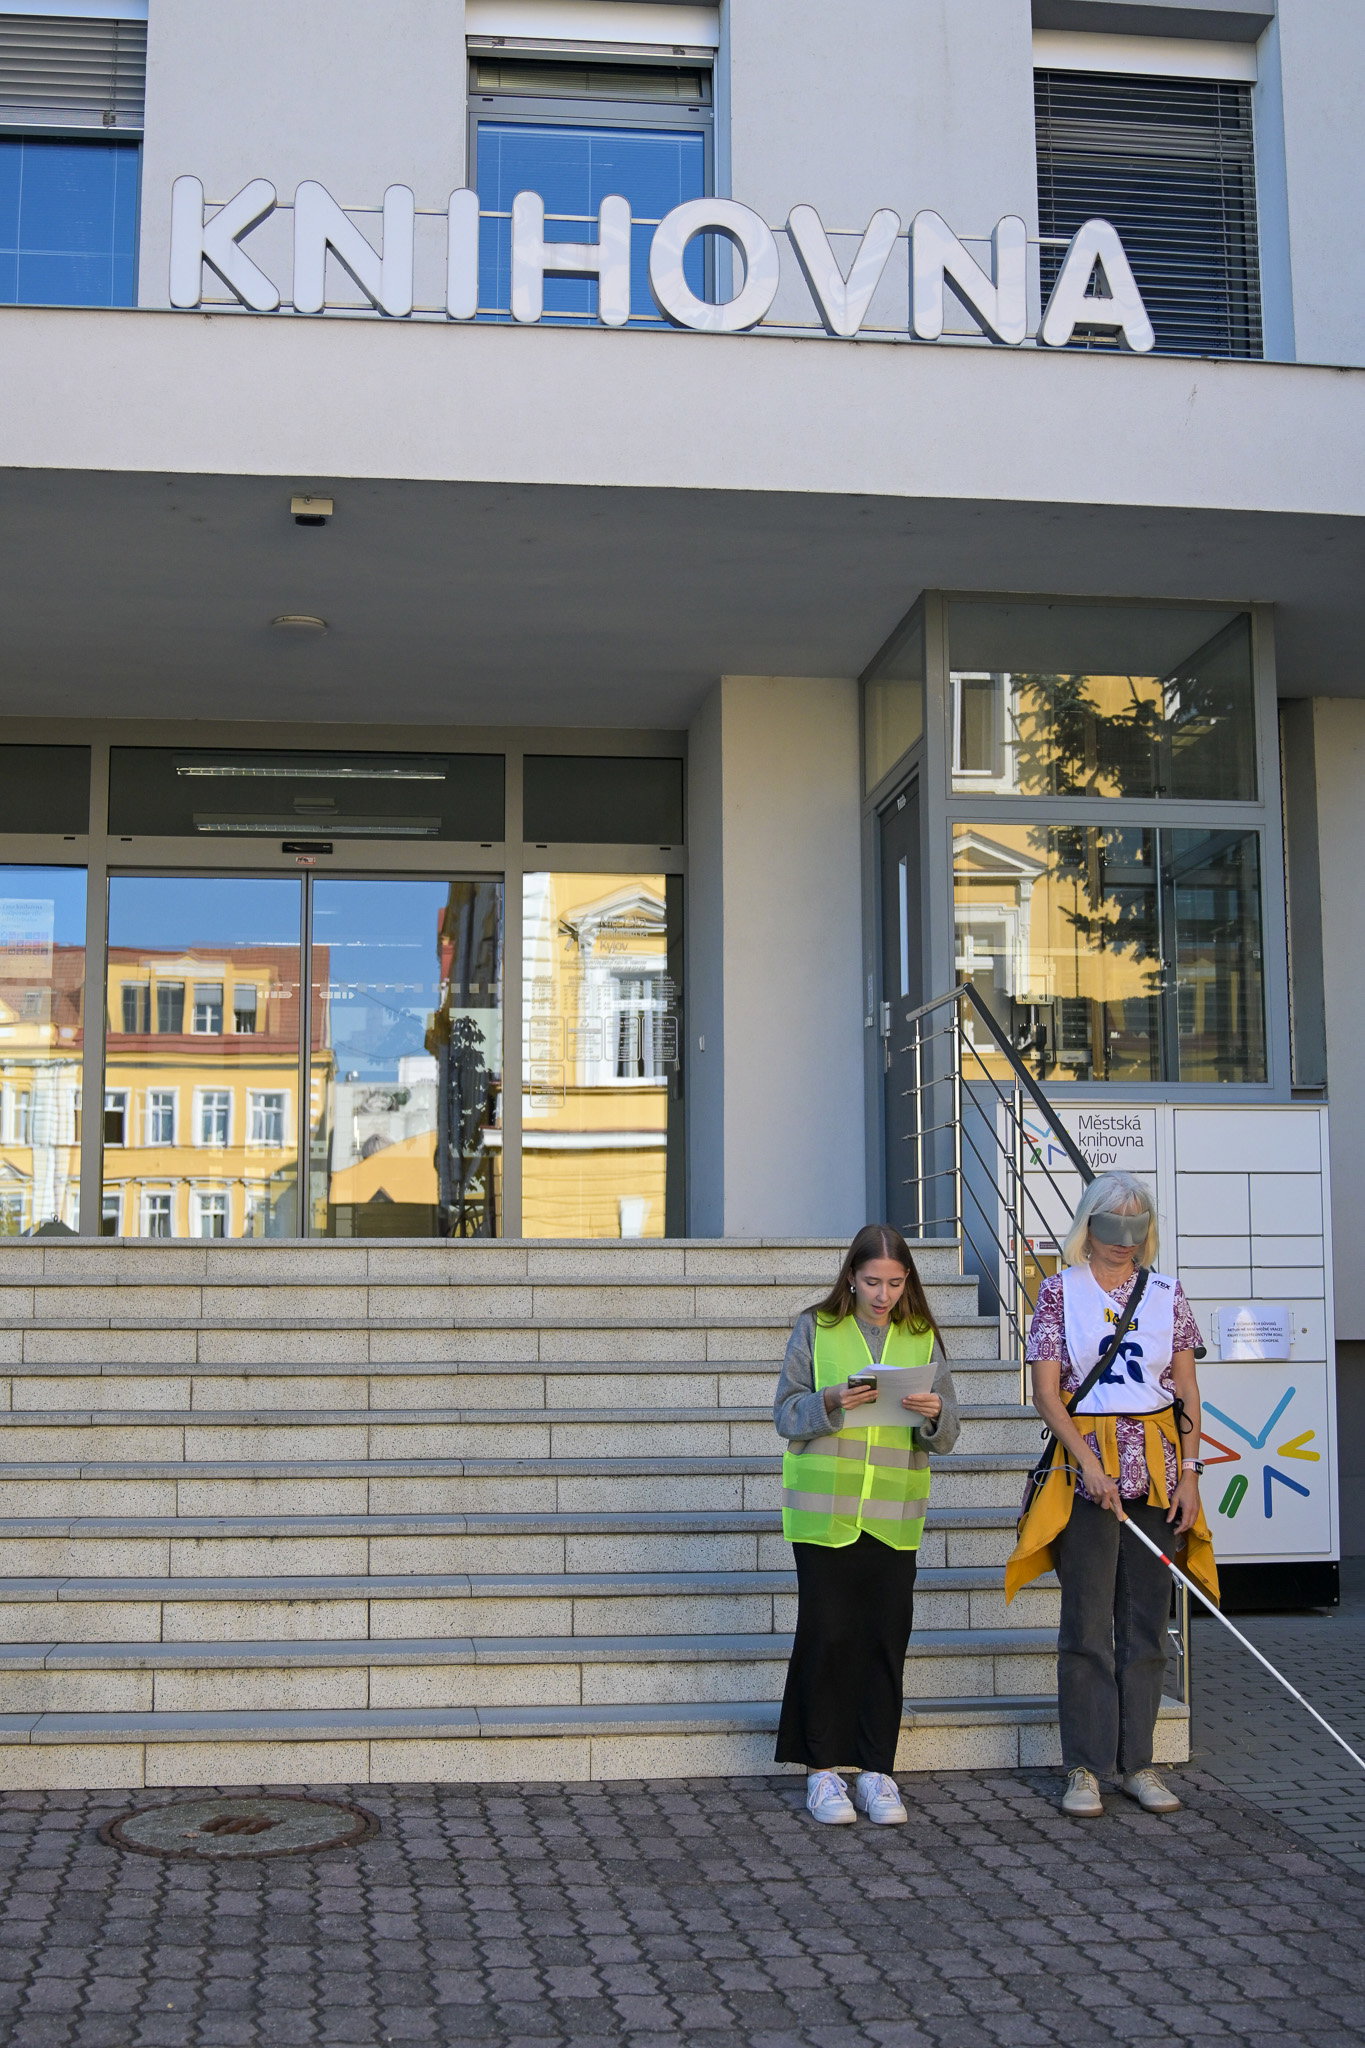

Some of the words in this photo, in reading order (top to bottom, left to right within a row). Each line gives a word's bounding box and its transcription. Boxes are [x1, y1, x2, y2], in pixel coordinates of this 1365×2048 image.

[169, 175, 1157, 354] KNIHOVNA
[600, 940, 628, 953] Kyjov
[1078, 1115, 1141, 1131] Městská
[1078, 1131, 1144, 1147] knihovna
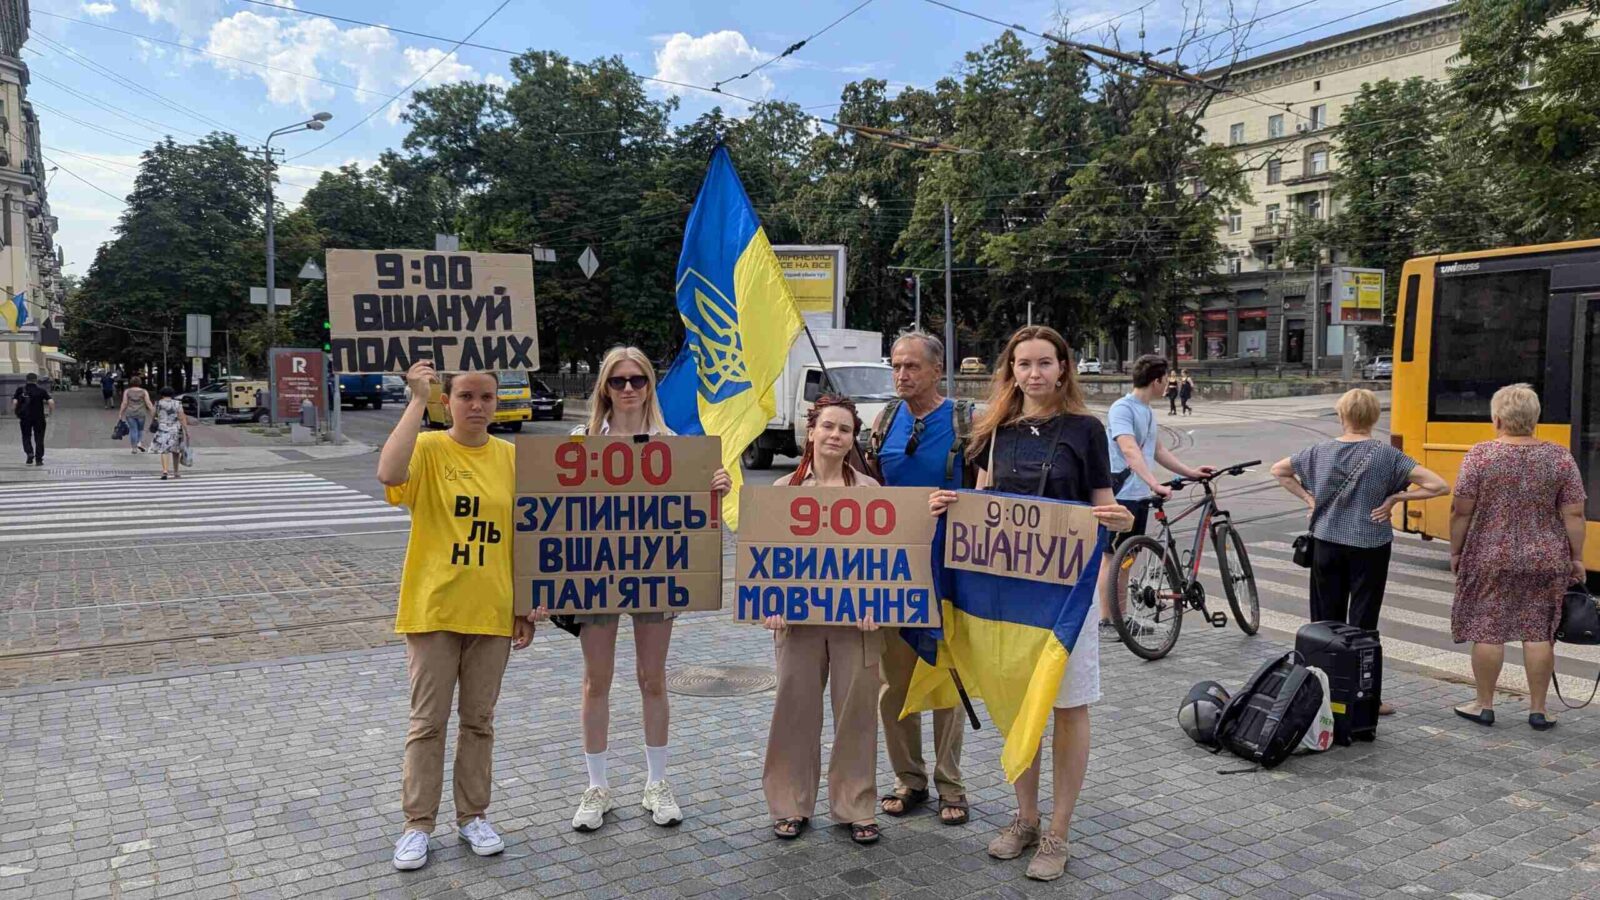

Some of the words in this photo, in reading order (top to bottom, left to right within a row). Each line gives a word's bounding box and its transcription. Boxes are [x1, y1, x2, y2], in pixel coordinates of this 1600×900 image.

[375, 254, 473, 290] 9:00
[353, 286, 512, 332] ВШАНУЙ
[292, 357, 307, 373] R
[331, 334, 533, 372] ПОЛЕГЛИХ
[555, 441, 672, 486] 9:00
[454, 495, 480, 517] ВІ
[516, 490, 718, 532] ЗУПИНИСЬ!
[789, 497, 896, 536] 9:00
[984, 501, 1041, 528] 9:00
[467, 520, 501, 544] ЛЬ
[952, 521, 1084, 580] ВШАНУЙ
[539, 530, 689, 573] ВШАНУЙ
[748, 546, 912, 581] ХВИЛИНА
[532, 574, 689, 610] ПАМ'ЯТЬ
[738, 585, 929, 624] МОВЧАННЯ
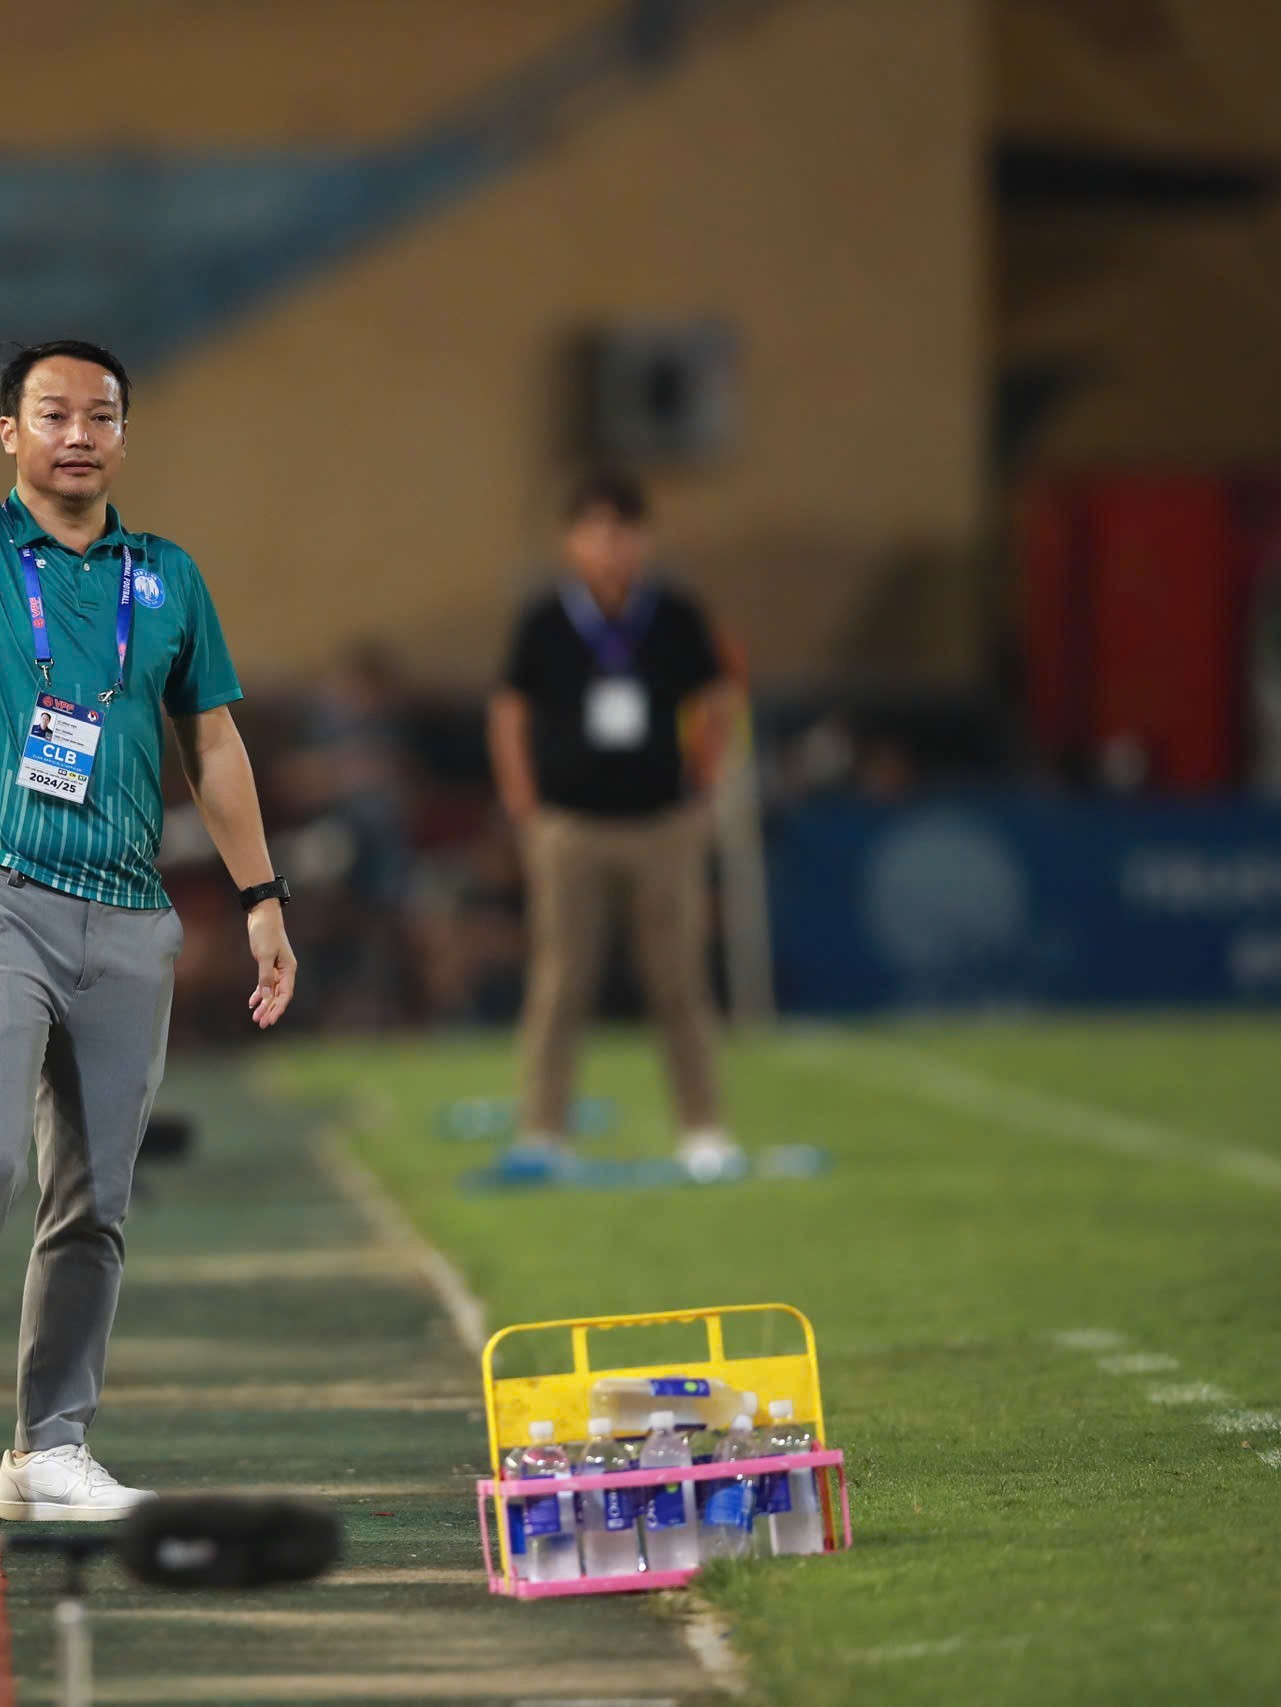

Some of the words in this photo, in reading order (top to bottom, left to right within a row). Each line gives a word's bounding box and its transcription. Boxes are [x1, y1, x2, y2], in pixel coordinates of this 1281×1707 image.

[121, 577, 131, 605] FOOTBALL
[29, 596, 41, 618] VPF
[54, 699, 75, 711] VPF
[43, 744, 77, 765] CLB
[29, 772, 77, 793] 2024/25
§
• [Goal of the exercise] Every entry should come back exactly as written, only without images.

• [Answer box]
Some of the words in this photo, in reading order (top to bottom, left to right within a row). Each line gives a word's bounding box and its transcription. Boxes are [x1, y1, x2, y2], in pixel coordinates of this 1365×2048 image.

[169, 175, 1157, 354] KNIHOVNA
[600, 940, 628, 953] Kyjov
[1078, 1115, 1141, 1131] Městská
[1078, 1131, 1144, 1147] knihovna

Some of the words in this photo, in reading order (top to bottom, left to right within a row). Each line gives a word's bounding box and its transcription. Boxes are [x1, y1, x2, y2], in pixel coordinates of this 1600×900 image.

[375, 254, 473, 290] 9:00
[353, 286, 512, 332] ВШАНУЙ
[292, 357, 307, 373] R
[331, 334, 533, 372] ПОЛЕГЛИХ
[555, 441, 672, 486] 9:00
[454, 495, 480, 517] ВІ
[516, 490, 718, 532] ЗУПИНИСЬ!
[789, 497, 896, 536] 9:00
[984, 501, 1041, 528] 9:00
[467, 520, 501, 544] ЛЬ
[952, 521, 1084, 580] ВШАНУЙ
[539, 530, 689, 573] ВШАНУЙ
[748, 546, 912, 581] ХВИЛИНА
[532, 574, 689, 610] ПАМ'ЯТЬ
[738, 585, 929, 624] МОВЧАННЯ

Some of the words in this photo, in reading order (top to bottom, left to right within a row). Each line gives a word's bounding box and its transcription. Boxes are [x1, y1, x2, y2], in pixel coordinates of this 1281×1707 image.

[121, 577, 131, 605] FOOTBALL
[29, 596, 41, 618] VPF
[54, 699, 75, 711] VPF
[43, 744, 77, 765] CLB
[29, 772, 77, 793] 2024/25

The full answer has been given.